Without including any pictures, write out the data below exactly.

(Phrase grounding data)
————
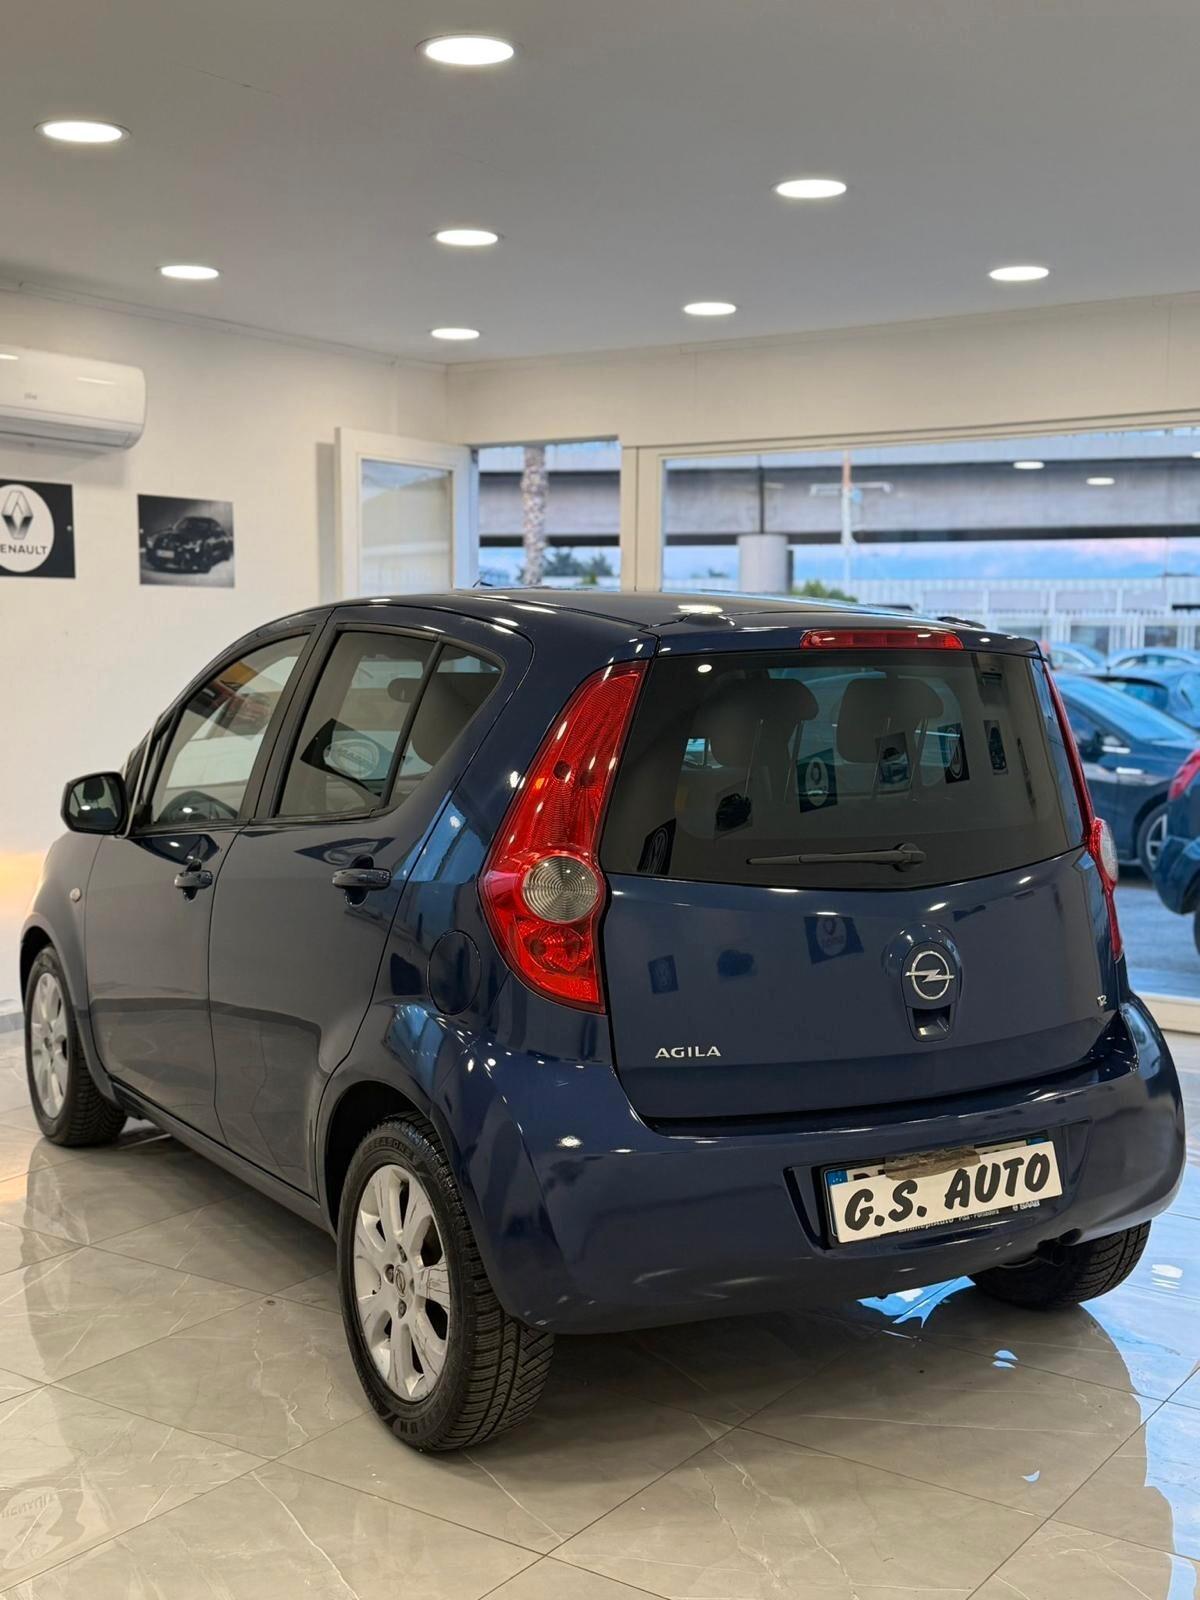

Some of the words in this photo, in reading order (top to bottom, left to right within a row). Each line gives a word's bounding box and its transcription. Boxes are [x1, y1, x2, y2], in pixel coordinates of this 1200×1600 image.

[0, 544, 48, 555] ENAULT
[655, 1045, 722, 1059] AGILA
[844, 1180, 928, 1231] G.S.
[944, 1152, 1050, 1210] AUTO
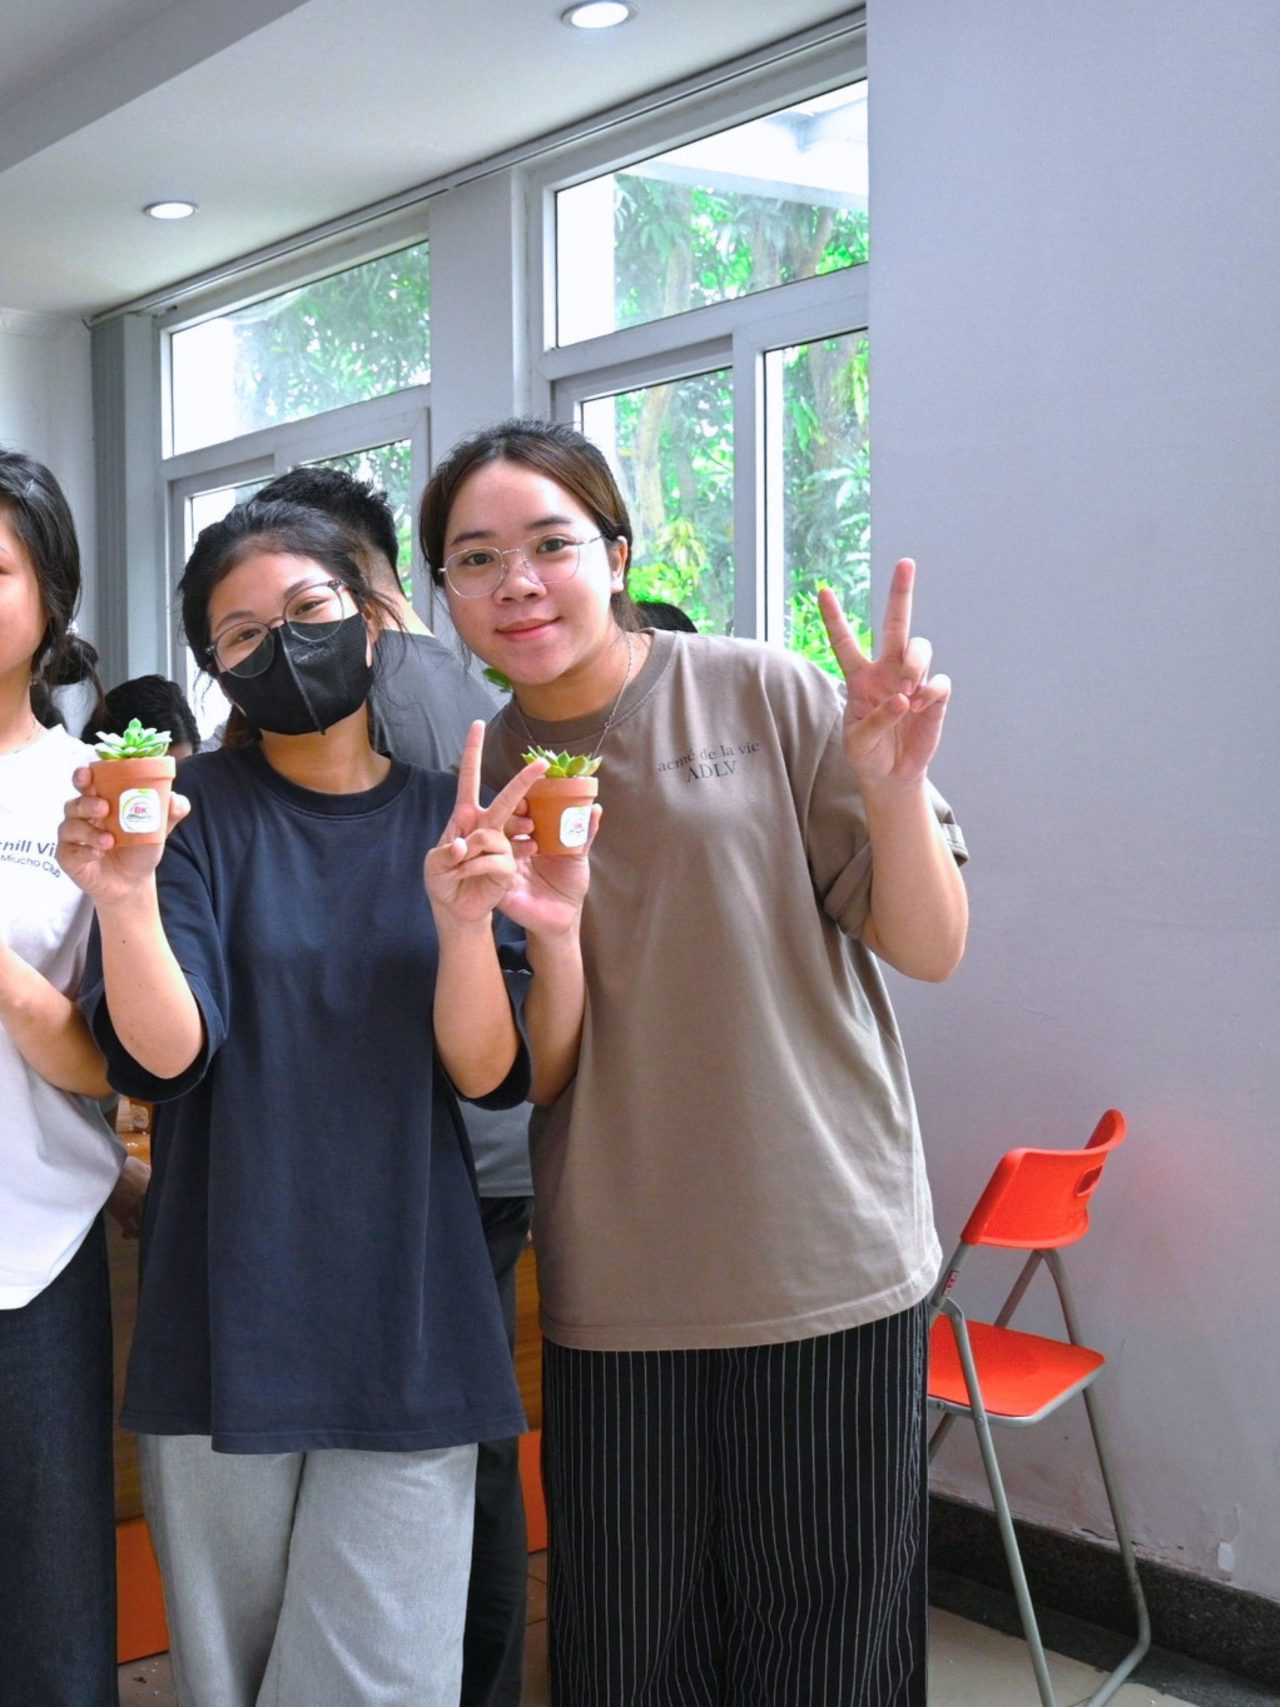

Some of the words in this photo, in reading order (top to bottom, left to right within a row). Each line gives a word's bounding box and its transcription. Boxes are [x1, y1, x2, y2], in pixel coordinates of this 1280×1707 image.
————
(Output for this exercise):
Some of the words in this photo, in reading order (top to bottom, left to right within a row). Each line gives a word's bounding box and its transcription. Boxes are [x1, y1, x2, y2], in pixel coordinates of this 1200×1600 image.

[0, 544, 48, 555] ENAULT
[655, 1045, 722, 1059] AGILA
[844, 1180, 928, 1231] G.S.
[944, 1152, 1050, 1210] AUTO

Some of the words in this photo, in reading order (top to bottom, left to right within a row). Each line gives a word's bounding box and its transcription. Boxes are [x1, y1, x2, y2], in pixel coordinates of this 1280×1707 image.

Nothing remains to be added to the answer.